Ce mercredi soir à minuit sur La Une, « Matière grise » nous fait frissonner avec un sujet bien de saison, la peur.
Même les plus braves d’entre nous connaissent ce sentiment : sueurs froides, boule dans l’estomac, tremblements… La peur nous gagne tous par moment. C’est bien normal et même vital. Tour d’horizon des différentes facettes de l’effroi humain.
Albert cherche son rat
Dans les années 1920, le psychologue John B. Watson, fondateur du comportementalisme, décide de répondre à la question : peut-on inculquer une peur ? Pour ce faire, il choisit un cobaye en la personne d’un bébé de 9 mois, nommé Albert. Dans un premier temps, on présente des rats à l’enfant, qui n’y voit aucun inconvénient. Les choses se corsent lorsqu’il décide de s’approcher des rongeurs et que Watson accompagne ce geste d’un son extrêmement violent. Après de longues séances, la vue de l’animal s’accompagne de hurlements de terreur pour Albert, même en l’absence de bruit. Heureusement, de récentes études ont permis d’établir de manière plus éthique que nous naissions naturellement avec deux peurs : celle de chuter, l’enfant a tendance à s’agripper quand il risque de tomber, et celle des bruits forts qui provoquent un sursaut, une crispation, voire des pleurs.

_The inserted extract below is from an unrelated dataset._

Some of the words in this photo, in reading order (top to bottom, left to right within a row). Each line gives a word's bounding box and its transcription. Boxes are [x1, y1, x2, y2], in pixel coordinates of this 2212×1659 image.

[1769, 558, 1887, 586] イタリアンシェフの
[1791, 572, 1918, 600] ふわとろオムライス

Les autres peurs, qui apparaissent plus tard, sont induites par l’éducation et la société dans laquelle nous évoluons.
Courage, fuyons !
Si nous avions encore besoin d’une preuve pour démontrer à quel point notre corps est une machine ultraperfectionnée, la peur est un choix parfait. Face à une menace, notre cerveau déclenche une réponse appelée « combat-fuite ». Scientifiquement, notre amygdale envoie un signal de détresse à l’hypothalamus pour que ce dernier convoque notre système nerveux et lui donne l’ordre de libérer hormones et neurotransmetteurs comme le cortisol, la dopamine et l’adrénaline. Grâce à ces petits soldats, notre respiration s’accélère pour accélérer le rythme cardiaque. Le cœur puise dès lors un sang plus riche en oxygène. Nos muscles et notre cerveau sont ainsi mieux coordonnés, notre vue et notre ouïe s’affinent, notre concentration devient plus pointue. De son côté, l’adrénaline provoque non seulement un effet antidouleur, mais nous permet d’augmenter notre force et de courir sur une plus grande distance, sans fatiguer. Il ne manque qu’une cape et super-froussard est là !

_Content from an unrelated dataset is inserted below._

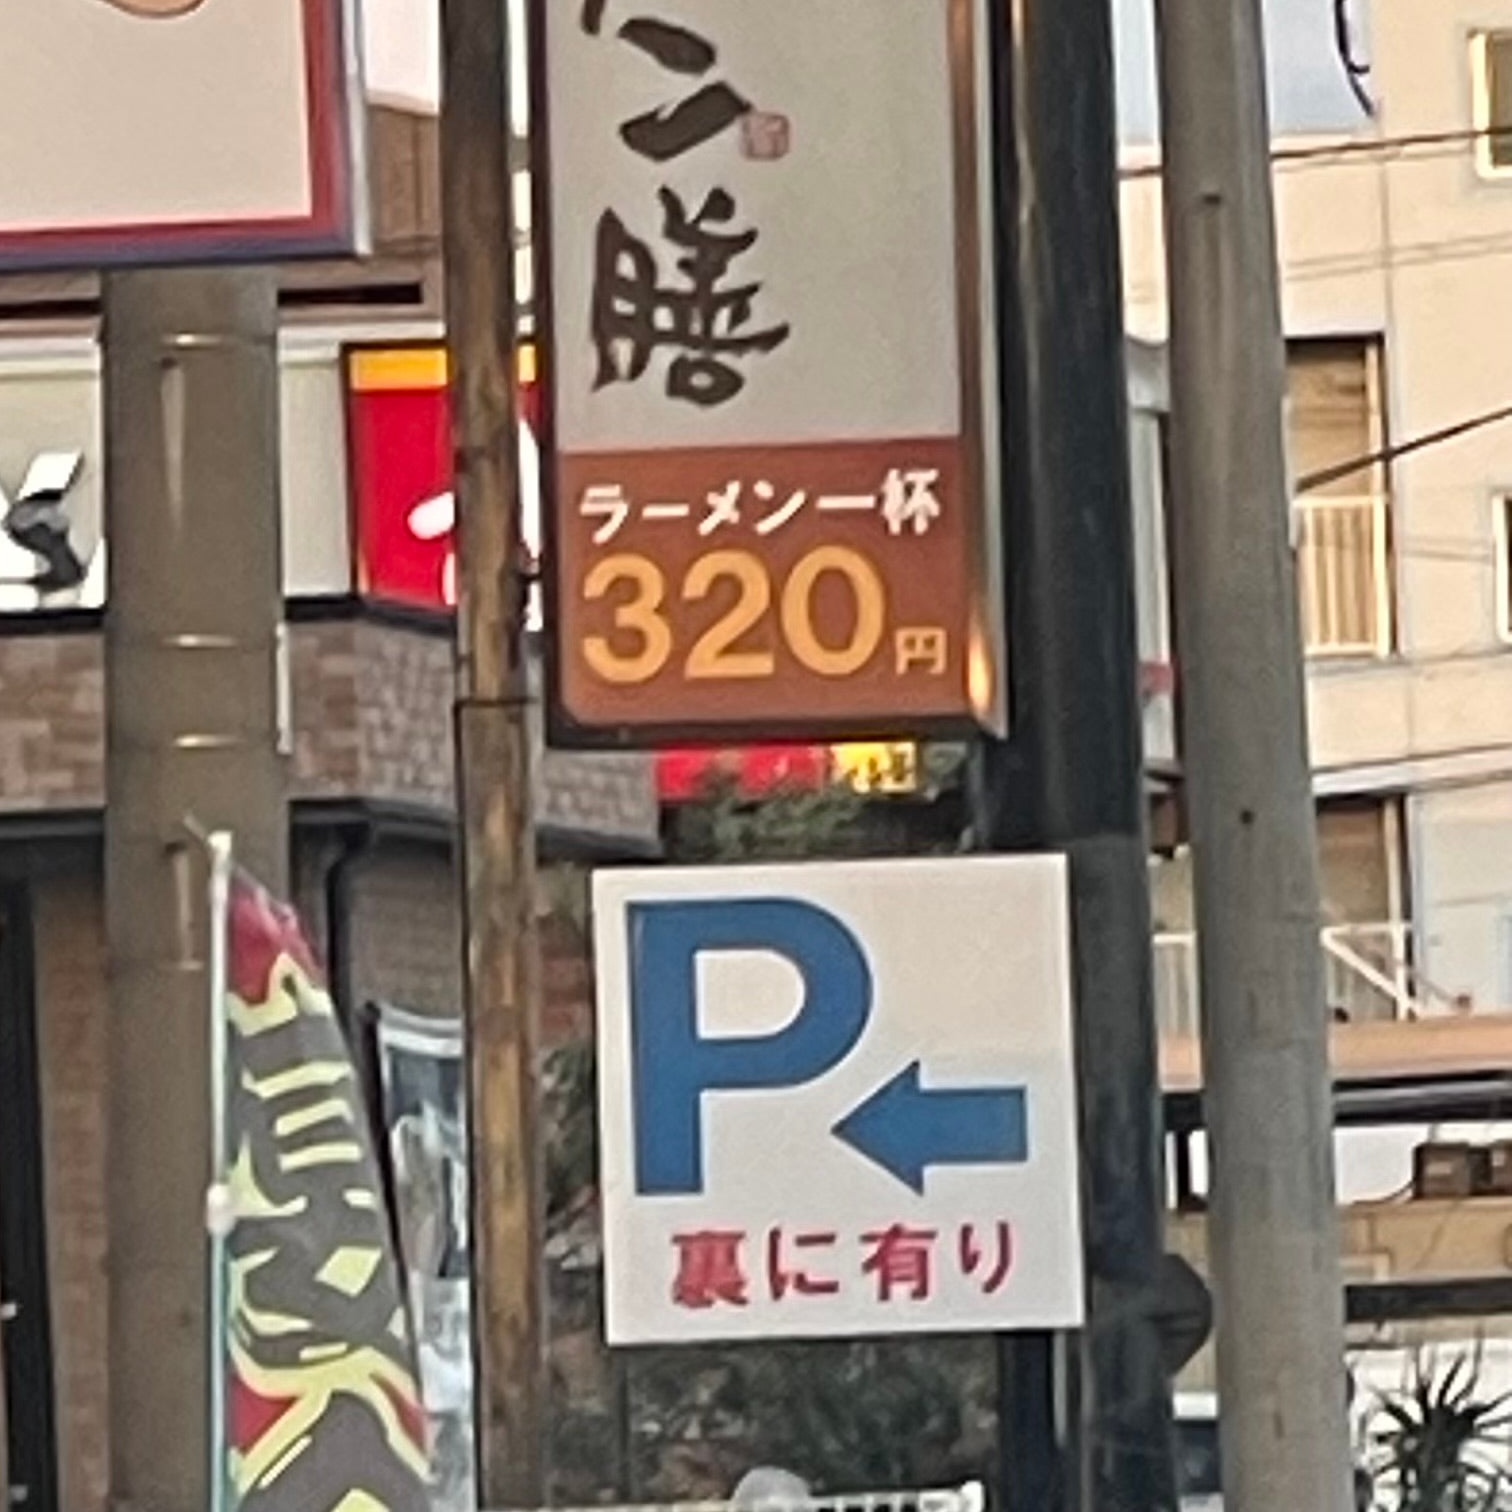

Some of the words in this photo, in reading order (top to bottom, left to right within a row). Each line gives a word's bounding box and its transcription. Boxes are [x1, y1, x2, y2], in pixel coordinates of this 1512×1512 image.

Docteur, j’ai peur, c’est grave ?
Dans la galaxie des phobies humaines, soit la peur irraisonnée de quelque chose qui n’est pas dangereux, il y a les grands classiques comme les araignées (arachnophobie) ou le noir (nyctophobie), et de plus incongrues, comme celle des boutons de vêtements (fibulanophobie) ou du beurre (butyrophobie). Est-il possible de se débarrasser de ces peurs, parfois handicapantes ? Pour le savoir, retrouvons notre cher psychologue John B. Watson qui, quelques années après avoir traumatisé le pauvre Albert, a entrepris de soigner la phobie des lapins dont était atteint un enfant de 3 ans. Grâce à un contre-conditionnement, associant cette fois les animaux à des sensations agréables, comme des biscuits, Watson est parvenu à éteindre cette « cuniculophobie infantile ». La solution est-elle la même pour un adulte ? Non. Plutôt que de vous gaver de sucreries à chaque fois que vous angoissez, préférez une thérapie ciblée qui devrait durer environ une dizaine de séances, selon le degré d’installation de la phobie.
Docteur, j’aime avoir peur, c’est grave ?

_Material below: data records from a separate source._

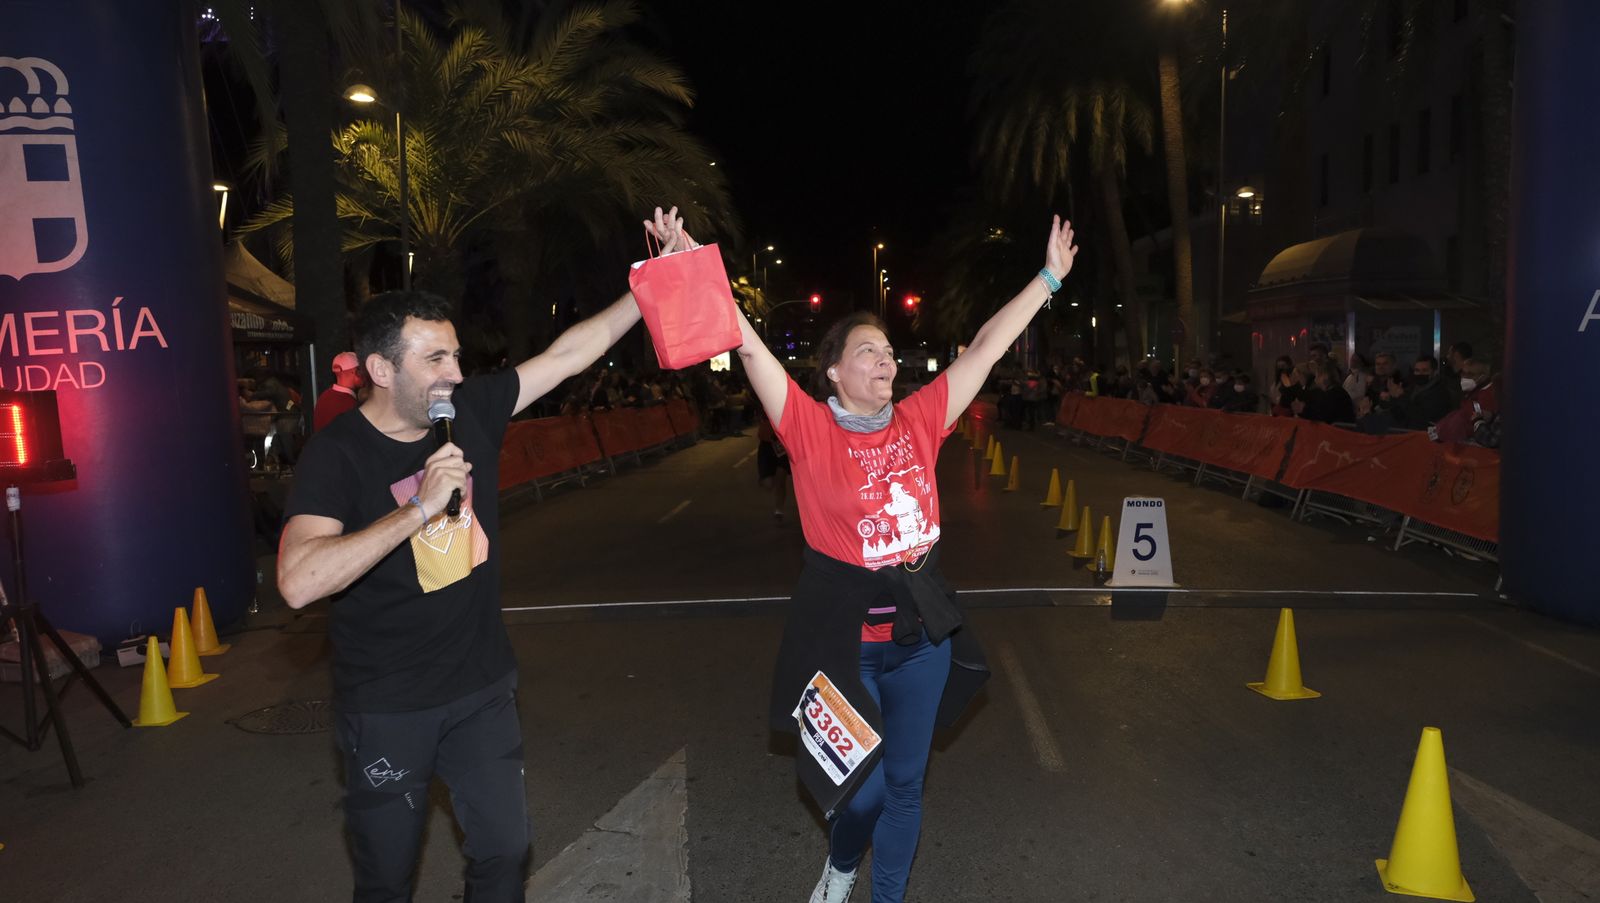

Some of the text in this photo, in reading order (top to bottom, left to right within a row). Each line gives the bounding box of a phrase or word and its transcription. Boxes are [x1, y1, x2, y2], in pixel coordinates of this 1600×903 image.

[1126, 500, 1163, 508] MONDO
[1132, 523, 1157, 561] 5
[809, 700, 854, 757] 3362
[812, 732, 825, 747] PEPA
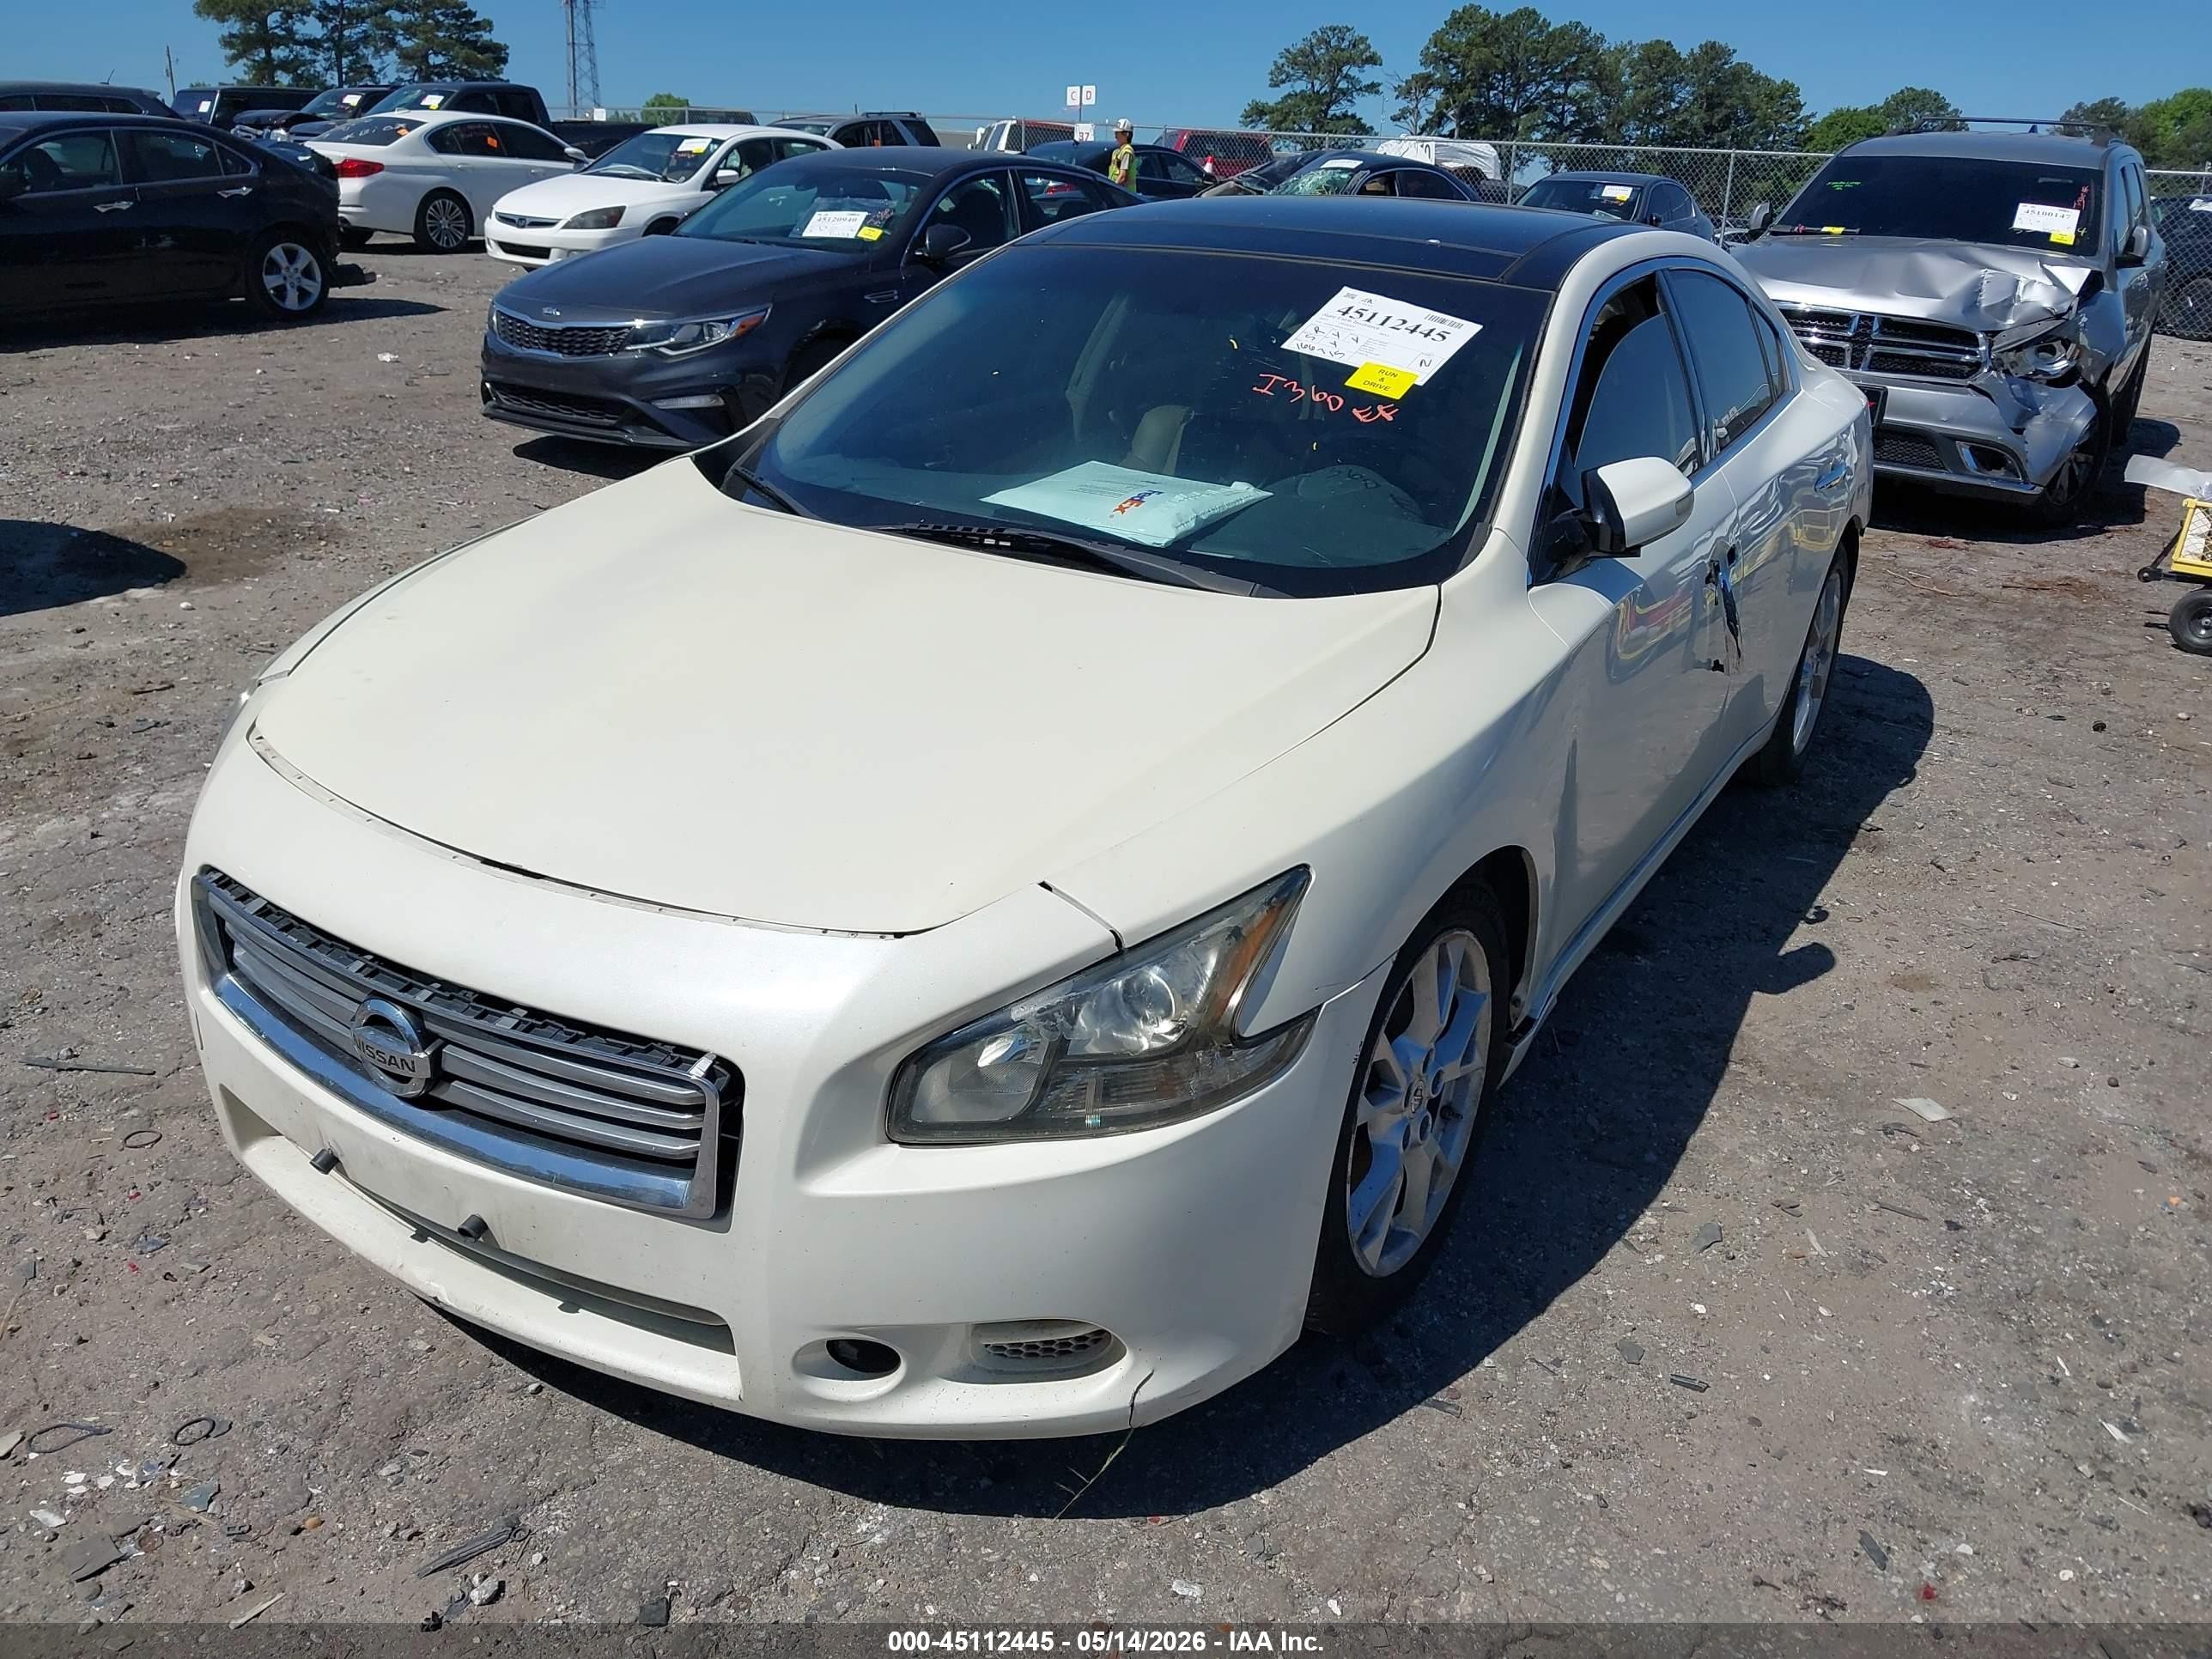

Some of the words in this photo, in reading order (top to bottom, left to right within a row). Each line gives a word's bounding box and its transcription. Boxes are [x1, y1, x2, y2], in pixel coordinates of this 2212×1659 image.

[1071, 91, 1077, 100] C
[1086, 90, 1091, 100] D
[1337, 306, 1451, 342] 45112445
[1378, 368, 1398, 378] RUN
[1363, 380, 1391, 392] DRIVE
[353, 1036, 416, 1073] NISSAN

Entre l’attrait fulgurant du public pour les « true crimes », soit le récit détaillé de la vie et l’œuvre de tueurs en série, les innombrables films d’horreur, l’amour pour Halloween ou l’entrain pour les attractions foraines terrifiantes, il semblerait tout de même que notre espèce aime se faire peur ! Est-ce bien normal ? En réalité, plutôt ! Les hormones libérées par la peur dont nous parlions, à savoir cortisol, dopamine et adrénaline, ont aussi le pouvoir de procurer, chez certains, un sentiment d’ivresse. Les amoureux de l’effroi recherchent tout simplement leur dose d’euphorisants. Attention toutefois, soumettre son corps à des frayeurs trop fréquentes peut s’avérer néfaste. « Avec un organisme constamment en » état d’alerte « , le corps peut s’épuiser », indique le National Geographic. « Cela peut entraîner des soucis de santé tels que l’hypertension artérielle, des troubles digestifs et un dérèglement du système immunitaire. »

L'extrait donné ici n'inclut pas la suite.